At that point Spud was ready to pour it on in many ways. He had become an entertainer. He wore a gold ring with the initials TKH displayed across its crest. “That’s my name,” he would say. “Tyler Kilgore Henderson, at your service!” And he would take off with stories of East Texas around the towns of Tyler, Kilgore and Henderson, Texas. Spud was raised in the country around those towns.

Having dazzled the crowd he would grab the mike, double his Texas accent and pretend he was a hick. “Well,” he would sometimes begin, “The first time I come to San Antone, I was downtown on the sidewalk there by the Gunter Ho-tel and I met this feller with a guitar. He says his name is Curly Williams, and I says, ‘Well, I heared of you. Why, you’re that famous gee-tar player. Why I heared you played with the Texas Top Hands and even that Jim Cullum feller!’

"And we’re standin’ there just gettin’ real friendly and talkin’ about Gibson this and that, an’ I says, ‘Why lookie here, Curly, here comes a young feller with a goat on a rope, walkin’ right downtown here.’ An’ Curly, well he says to me, ‘Why Spud, that’s Jim Cullum himself.’ And I starts wonderin’ what he’s a doin’ downtown with that goat on a rope. So Curly, well he calls this Jim Cullum over an’ I says, ‘I’m Spud,’ ‘n’ all that, an’ then I says, ‘Say, where you goin’ with that goat on a rope?’ An’ he says, ‘Well, I’m a takin’ him home with me.’

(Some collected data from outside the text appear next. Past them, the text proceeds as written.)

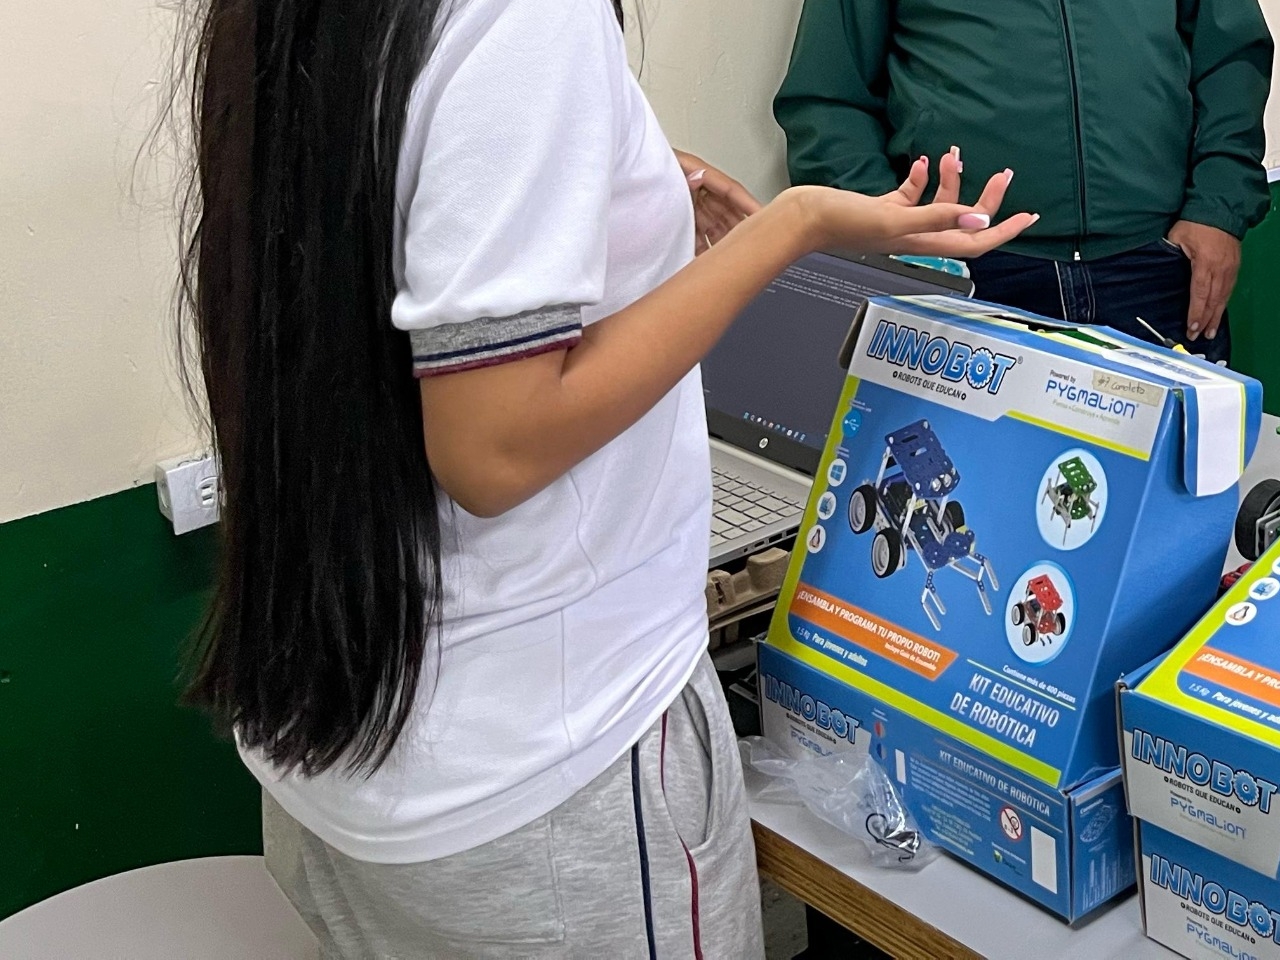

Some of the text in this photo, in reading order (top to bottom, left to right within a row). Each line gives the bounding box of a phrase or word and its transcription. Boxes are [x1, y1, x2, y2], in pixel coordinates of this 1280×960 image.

[867, 320, 1016, 394] INNOBOT
[897, 372, 961, 399] ROBOTS QUE EDUCAN
[834, 605, 840, 615] Y
[839, 608, 878, 634] PROGRAMA
[878, 626, 887, 638] TU
[887, 630, 914, 650] PROPIO
[1002, 664, 1027, 681] Contiene
[1038, 680, 1046, 690] de
[1196, 653, 1254, 679] ¡ENSAMBLA
[1253, 673, 1263, 682] Y
[764, 673, 860, 745] INNOBOT
[950, 692, 1037, 748] DE ROBÓTICA
[968, 673, 1060, 728] KIT EDUCATIVO
[939, 750, 952, 763] KIT
[953, 756, 996, 786] EDUCATIVO
[997, 779, 1010, 793] DE
[1131, 727, 1279, 815] INNOBOT
[1169, 778, 1236, 812] ROBOTS QUE EDUCAN
[1186, 905, 1210, 921] ROBOTS
[1211, 916, 1223, 929] QUE
[1225, 923, 1250, 942] EDUCAN
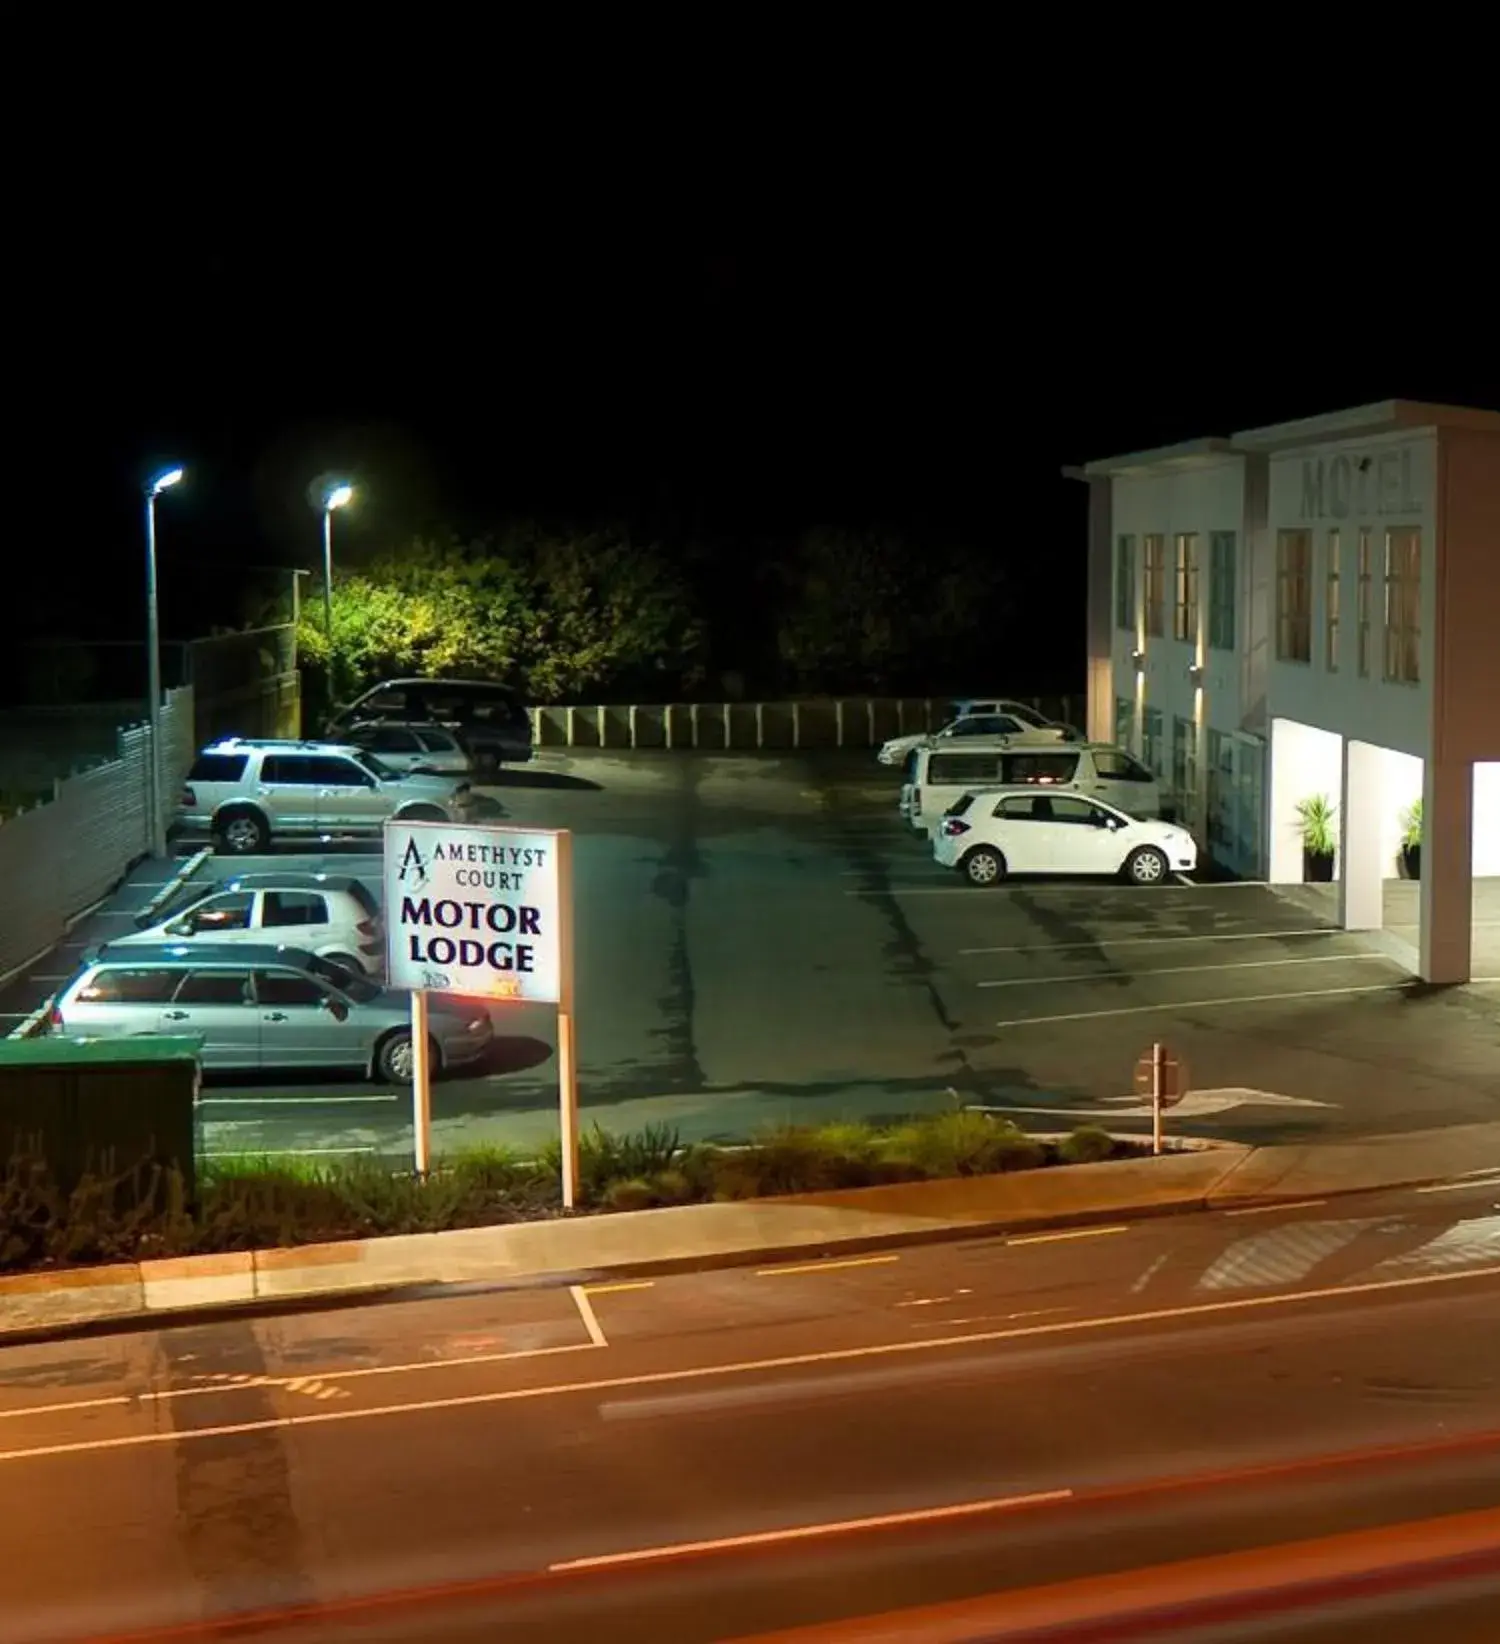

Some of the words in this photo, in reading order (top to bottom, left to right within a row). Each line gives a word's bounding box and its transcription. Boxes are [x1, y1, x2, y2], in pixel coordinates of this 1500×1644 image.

[433, 842, 547, 867] AMETHYST
[455, 869, 523, 891] COURT
[401, 897, 541, 935] MOTOR
[410, 935, 534, 973] LODGE
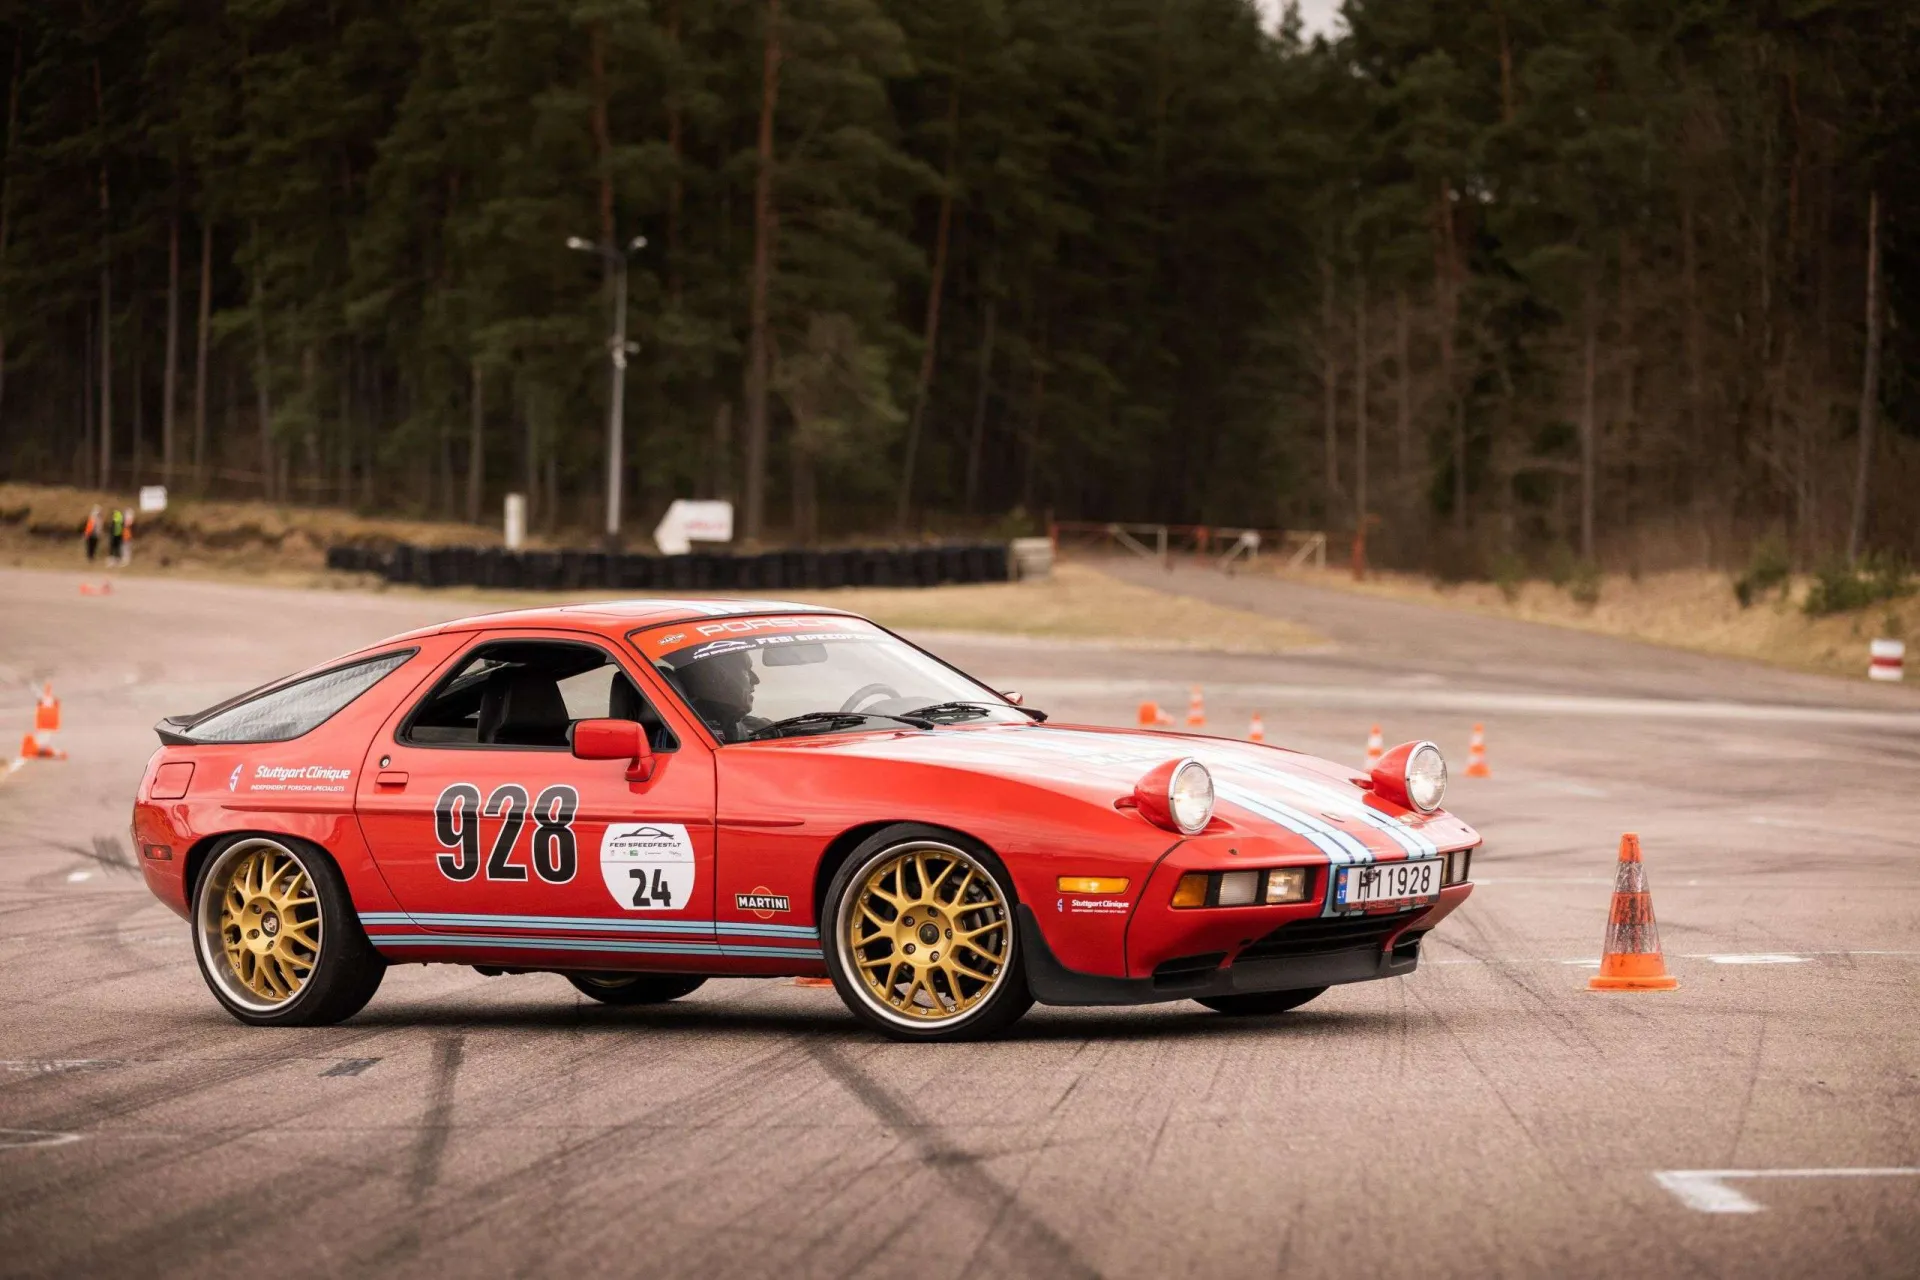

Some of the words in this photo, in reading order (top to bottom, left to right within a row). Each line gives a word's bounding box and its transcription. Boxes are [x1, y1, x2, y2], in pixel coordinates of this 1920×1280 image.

[696, 617, 834, 636] PORSC
[255, 765, 306, 781] Stuttgart
[306, 766, 351, 781] Clinique
[434, 782, 579, 885] 928
[629, 868, 671, 908] 24
[1337, 890, 1346, 899] LT
[738, 896, 788, 909] MARTINI
[1071, 899, 1102, 908] Stuttgart
[1102, 900, 1129, 908] Clinique
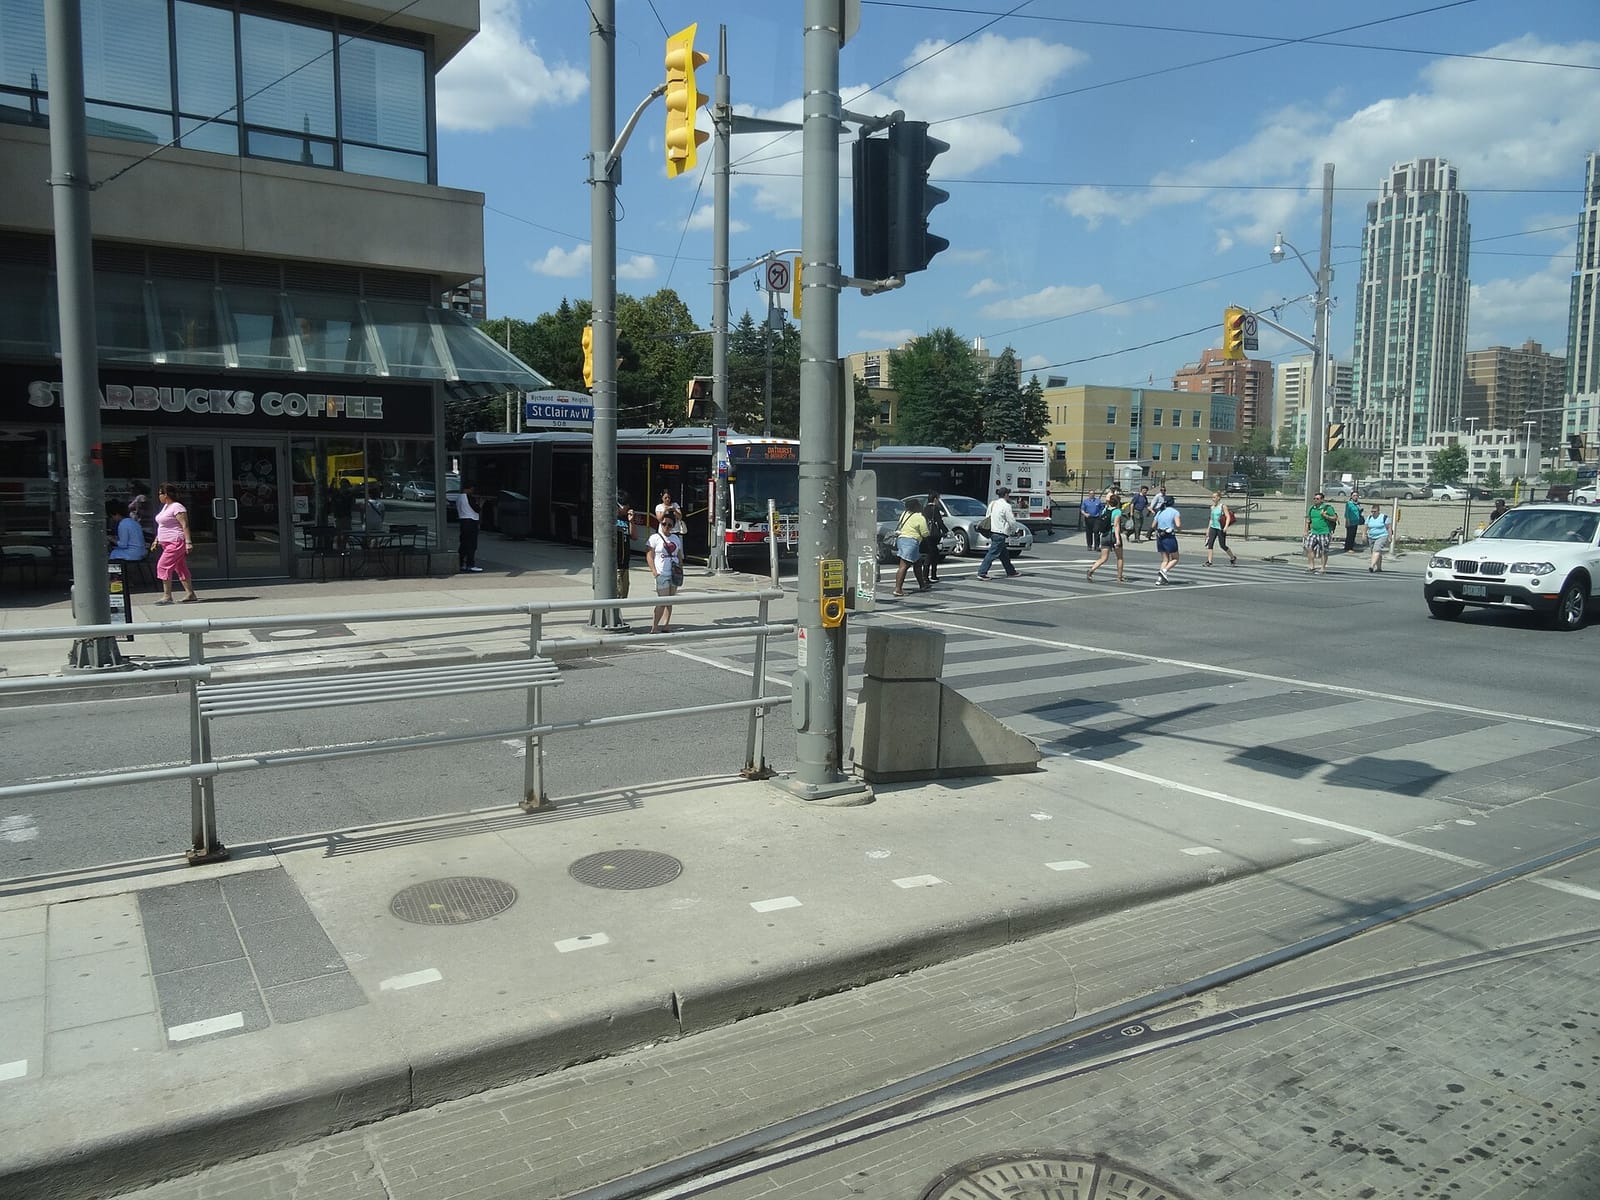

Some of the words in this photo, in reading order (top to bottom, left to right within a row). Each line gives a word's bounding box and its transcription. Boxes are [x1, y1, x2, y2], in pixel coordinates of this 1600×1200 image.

[28, 380, 254, 415] SRBUCKS
[261, 392, 383, 419] COFFEE
[532, 405, 542, 417] St
[545, 406, 568, 418] Clair
[570, 409, 580, 418] Av
[581, 408, 590, 419] W
[745, 446, 751, 459] 7

"And then we stands there for a minute and I’m tellin’ you again it was all out there on Houston Street right in front of the Gunter Ho-tel. And then I asks him, ‘Well, where you gonna keep him? You gotta place with a big lotta grass and all?’ And he says, ‘Nope, I’m gonna keep him right in the house with me!’ ‘Is that so?’ I says. An’ he answers, ‘Yep, that’s so!’ And I looks again at the goat on a rope an’ I asks, ‘What are you gonna do about that smell?’ An’ he says, ‘Well, he’s just gonna have to get used to it!’”

Having worked this story up from a whisper, Spud would struggle to control his laughter as he got toward the punch line and he’d always bring if off perfectly and laugh like crazy at his own joke and the crowd would always explode with laughter.

Immediately he would stomp four beats and take off on “Limehouse Blues,” and just burn it up for three to four choruses, each one getting hotter and swinging harder.

Spud played with us three nights a week for about two years and was featured on my father’s solo clarinet album, Eloquent Clarinet. This was one of my father’s highlights, for Eloquent Clarinet received 5 stars in Down Beat.

We all said it: Eloquent Clarinet is really good. Still we knew that as good as it was, my father and Spud had cooked it up in a hurry and we knew that both played even better outside the studio. That is what the old guys used to say about the Bix records, “Good as they are, you should have heard Bix live.”

My father died in 1973. Soon after, Spud left San Antonio to sort of retire in Tyler. There Spud played a bit with local hillbillies. I heard that he then made a number of guest appearances with Willie Nelson.

I never saw Spud after he left for Tyler. He died up there about seven years ago.